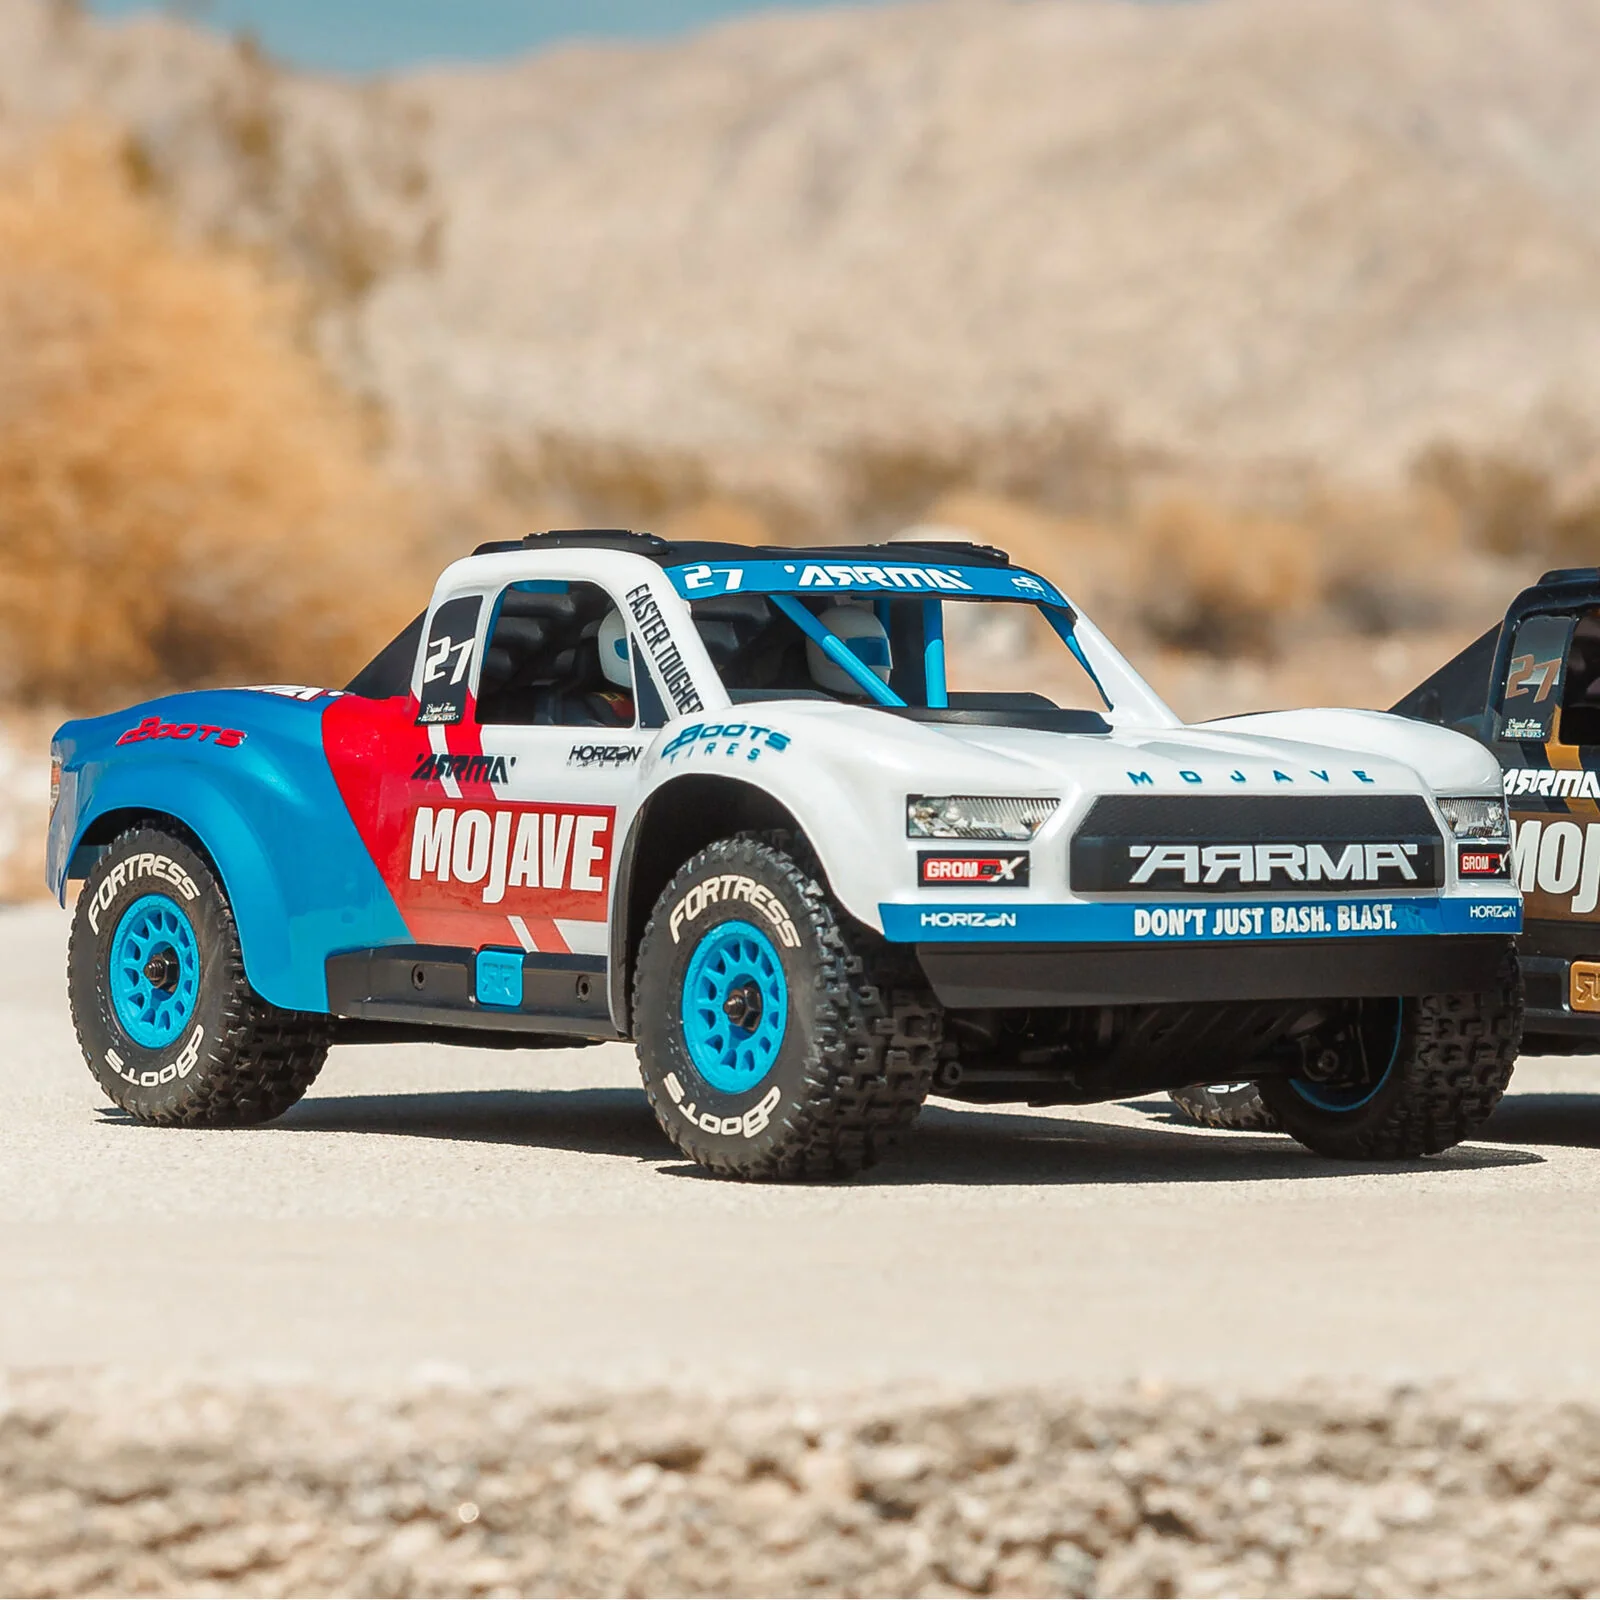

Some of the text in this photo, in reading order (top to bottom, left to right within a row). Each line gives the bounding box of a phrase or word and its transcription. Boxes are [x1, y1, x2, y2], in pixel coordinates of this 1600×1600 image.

[682, 565, 743, 590] 27
[424, 636, 475, 685] 27
[1505, 654, 1562, 703] 27
[115, 715, 247, 748] BOOTS
[661, 723, 791, 758] BOOTS
[568, 745, 643, 761] HORIZON
[670, 742, 760, 764] TIRES
[1127, 770, 1375, 785] MOJAVE
[409, 806, 609, 904] MOJAVE
[88, 852, 201, 935] FORTRESS
[670, 875, 801, 947] FORTRESS
[920, 912, 1017, 927] HORIZON
[1134, 904, 1397, 936] DON'T JUST BASH. BLAST.
[1470, 904, 1516, 918] HORIZON
[104, 1024, 204, 1087] BOOTS
[663, 1072, 781, 1138] BOOTS
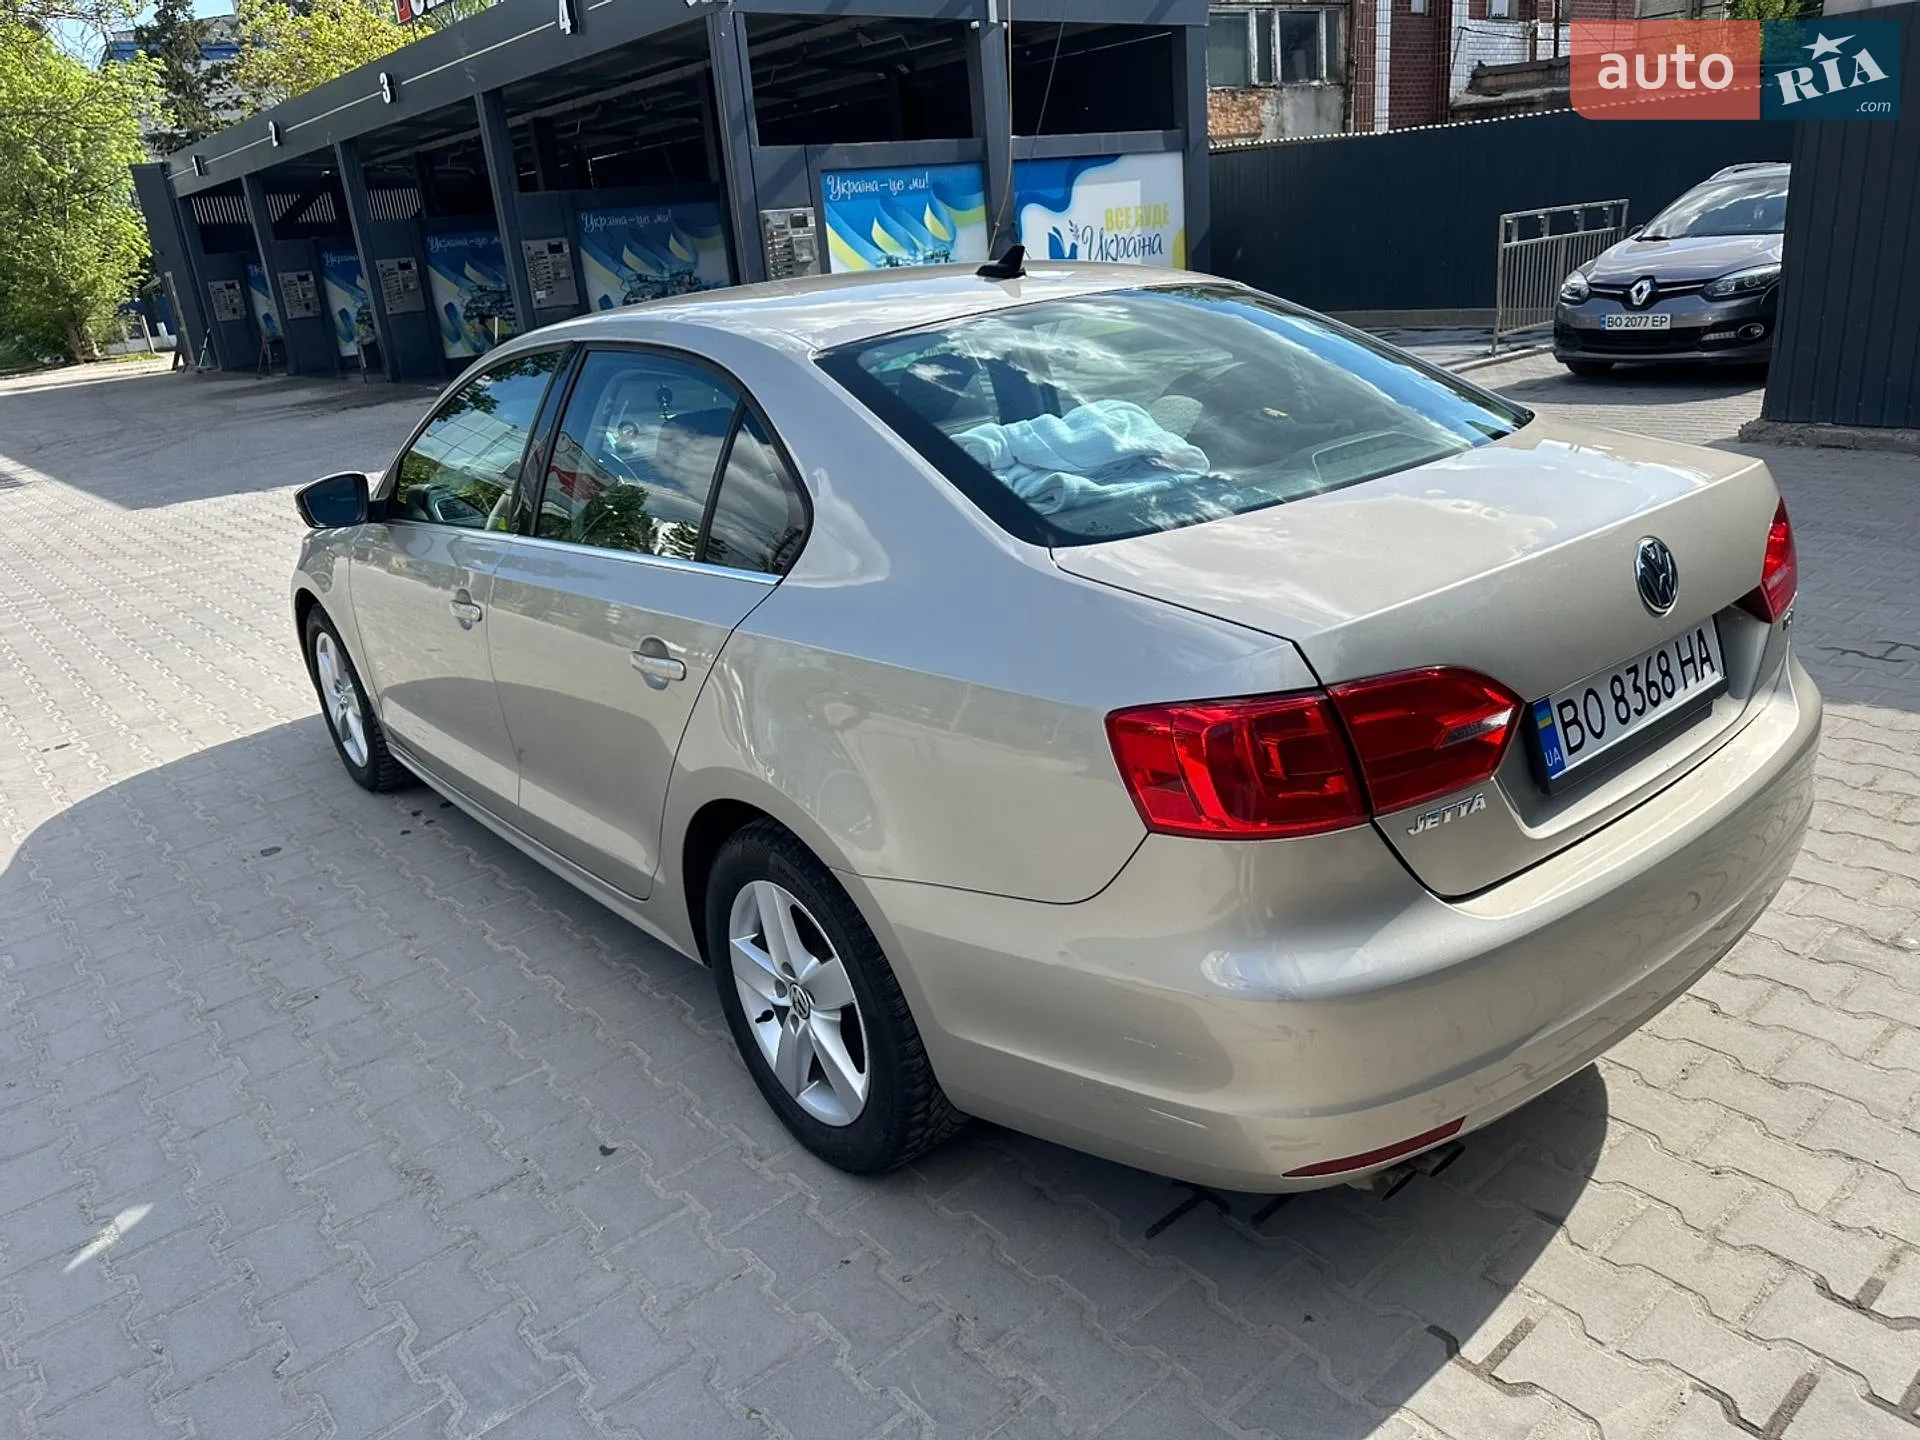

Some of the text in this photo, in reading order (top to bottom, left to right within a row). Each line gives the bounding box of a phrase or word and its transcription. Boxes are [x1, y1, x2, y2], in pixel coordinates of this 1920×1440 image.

[558, 0, 572, 35] 4
[379, 72, 394, 104] 3
[908, 171, 929, 190] ми!
[1104, 203, 1169, 231] ВСЕ БУДЕ
[1082, 225, 1163, 262] Україна
[1624, 316, 1649, 328] 2077
[1651, 315, 1668, 328] EP
[1556, 628, 1716, 757] BO 8368 HA
[1545, 746, 1563, 768] UA
[1407, 792, 1487, 836] JETTA
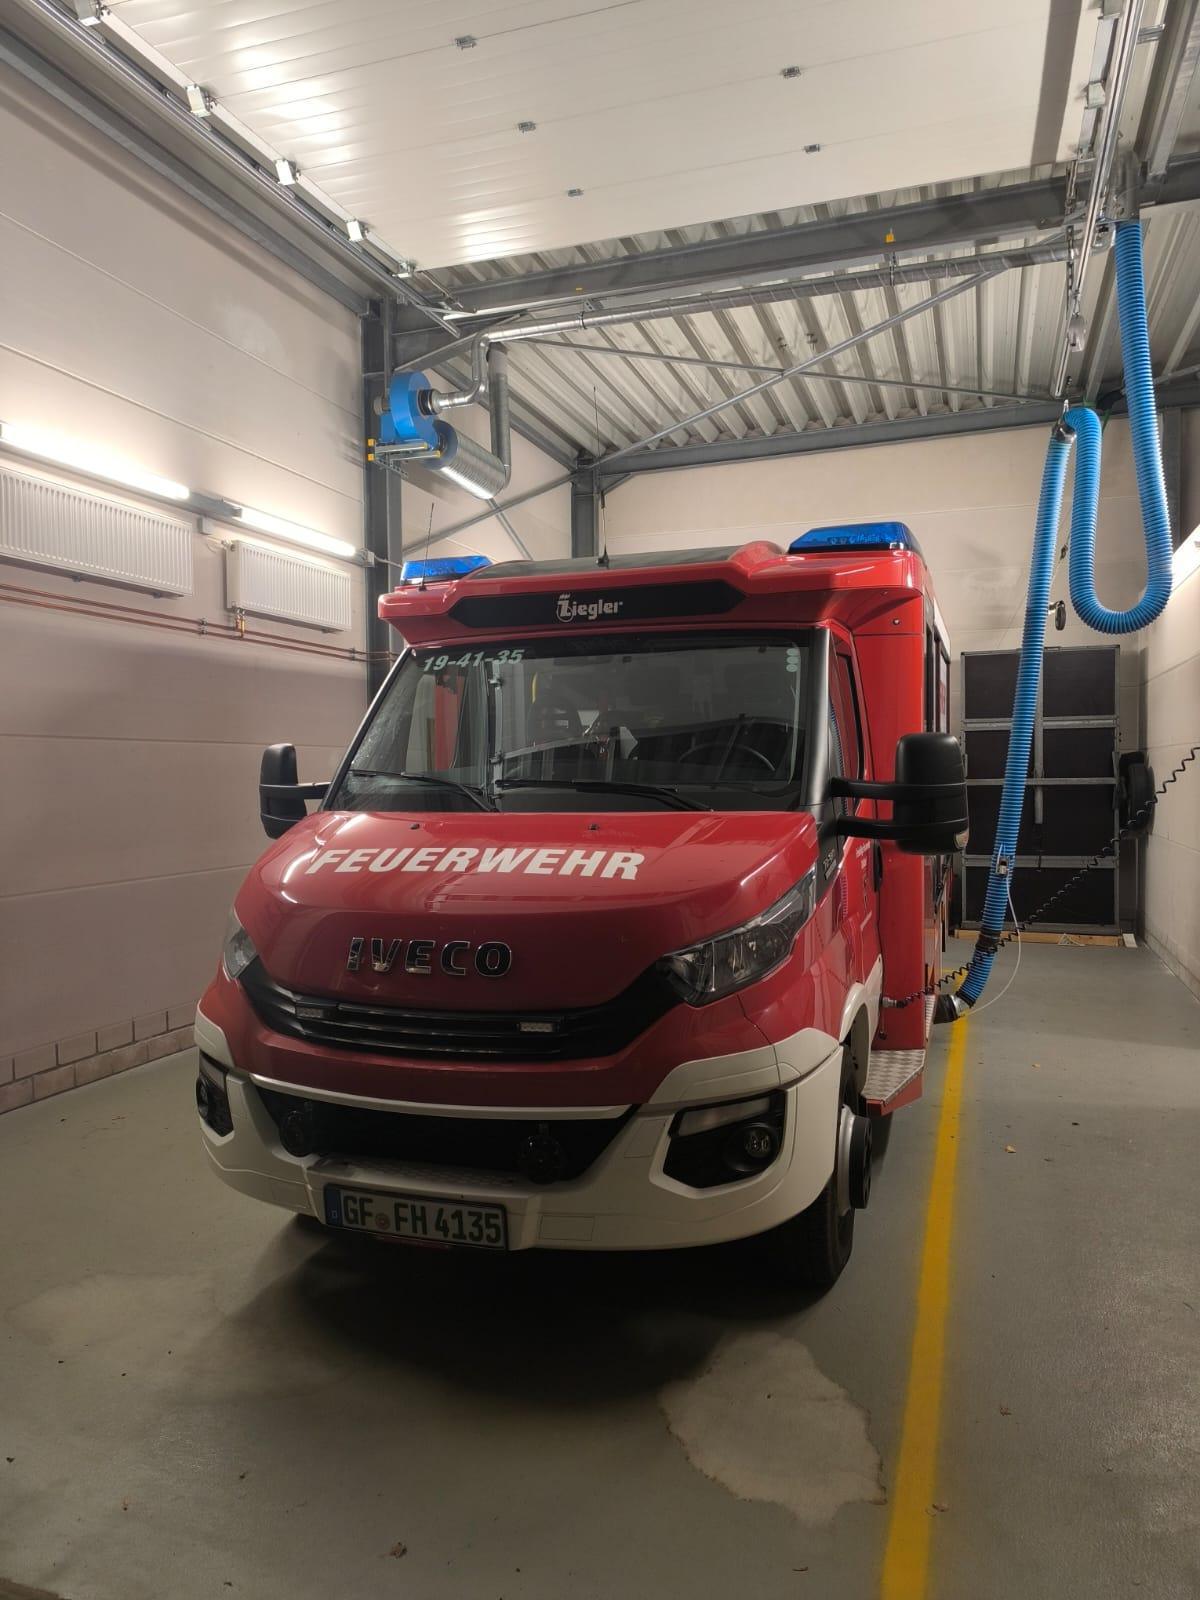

┄┄┄┄┄┄

Pictures are not part of the copy. Restate everything else in the listing word for word.

Some of the text in this photo, in reading order (top to bottom, left to right within a row). Each line gives the bounding box of a phrase or word and its transcription. Boxes are [x1, y1, x2, y2], in pixel coordinates of this 1600×1600 image.

[682, 565, 743, 590] 27
[424, 636, 475, 685] 27
[1505, 654, 1562, 703] 27
[115, 715, 247, 748] BOOTS
[661, 723, 791, 758] BOOTS
[568, 745, 643, 761] HORIZON
[670, 742, 760, 764] TIRES
[1127, 770, 1375, 785] MOJAVE
[409, 806, 609, 904] MOJAVE
[88, 852, 201, 935] FORTRESS
[670, 875, 801, 947] FORTRESS
[920, 912, 1017, 927] HORIZON
[1134, 904, 1397, 936] DON'T JUST BASH. BLAST.
[1470, 904, 1516, 918] HORIZON
[104, 1024, 204, 1087] BOOTS
[663, 1072, 781, 1138] BOOTS

Some of the text in this photo, in reading order (top to bottom, left to right within a row). Each line gives the bounding box of a phrase or word and its transcription. Boxes are [x1, y1, x2, y2], in pixel coordinates of this 1920×1440 image.

[558, 0, 572, 35] 4
[379, 72, 394, 104] 3
[908, 171, 929, 190] ми!
[1104, 203, 1169, 231] ВСЕ БУДЕ
[1082, 225, 1163, 262] Україна
[1624, 316, 1649, 328] 2077
[1651, 315, 1668, 328] EP
[1556, 628, 1716, 757] BO 8368 HA
[1545, 746, 1563, 768] UA
[1407, 792, 1487, 836] JETTA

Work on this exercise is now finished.